Section 2         Section 1(b). Section 1(b) of the Agreement is hereby amended and restated in its entirety as follows:

 

Committee Representation. Immediately following the execution of this Agreement, the Board will take all action necessary in furtherance of (i) the appointment of Hoffman to the Audit Committee of the Board, and (ii) the appointment of Hughes to the Compensation Committee of the Board. Such Committee appointments of Hoffman and Hughes shall continue so long as each of Hoffman and Hughes is a member of the Board or as such appointment is otherwise consented to by Hoffman and/or Hughes, respectively; and, if Hoffman and/or Hughes should resign from the Board or be rendered unable to serve on the Board by reason of death or disability prior to the end of the Standstill Period while serving on either the Audit Committee of the Board or the Compensation Committee of the Board, as applicable, then WW Investors shall be entitled to designate a Replacement Director to such Committee(s); provided, however, if Wendy Silverstein becomes a Replacement Director approved by the Board, she shall not be appointed to any of the Audit Committee of the Board, the Compensation Committee of the Board, the Governance Committee or the Conflicts Committee of the Board.
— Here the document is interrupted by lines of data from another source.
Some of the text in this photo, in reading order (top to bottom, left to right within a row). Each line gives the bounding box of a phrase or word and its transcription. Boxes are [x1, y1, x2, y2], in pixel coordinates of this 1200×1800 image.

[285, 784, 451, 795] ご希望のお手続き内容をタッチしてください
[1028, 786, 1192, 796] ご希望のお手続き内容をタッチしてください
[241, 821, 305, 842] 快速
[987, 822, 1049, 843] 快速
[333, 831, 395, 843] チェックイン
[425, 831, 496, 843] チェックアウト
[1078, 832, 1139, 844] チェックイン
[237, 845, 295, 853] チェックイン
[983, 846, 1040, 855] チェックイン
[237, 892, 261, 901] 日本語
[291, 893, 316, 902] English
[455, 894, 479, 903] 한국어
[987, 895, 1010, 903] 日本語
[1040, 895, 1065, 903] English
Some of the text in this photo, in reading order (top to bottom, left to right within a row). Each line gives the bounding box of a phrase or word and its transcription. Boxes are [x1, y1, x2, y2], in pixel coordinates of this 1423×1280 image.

For the avoidance of doubt, the Board and applicable committees of the Board may, but shall not be required to, consider either or both of the New WW Appointees for membership on any other committees of the Board (including any committees of the Board formed after the date of this Agreement); provided, however, that in no event shall either of the New WW Appointees serve on the Conflicts Committee of the Board or any other committee of the Board formed for the purpose of evaluating proposals made by any person or entity to serve as the Company’s external advisor or manager pursuant to the Company’s publicly announced request for proposals (the “RFP”). Until the expiration of the Standstill Period (as defined below), if at least one (1) of the New WW Appointees remains on the Board, the Company shall not establish an executive committee of the Board without the approval of such New WW Appointee or New WW Appointees if more than one (1) of the New WW Appointees remains on the Board.”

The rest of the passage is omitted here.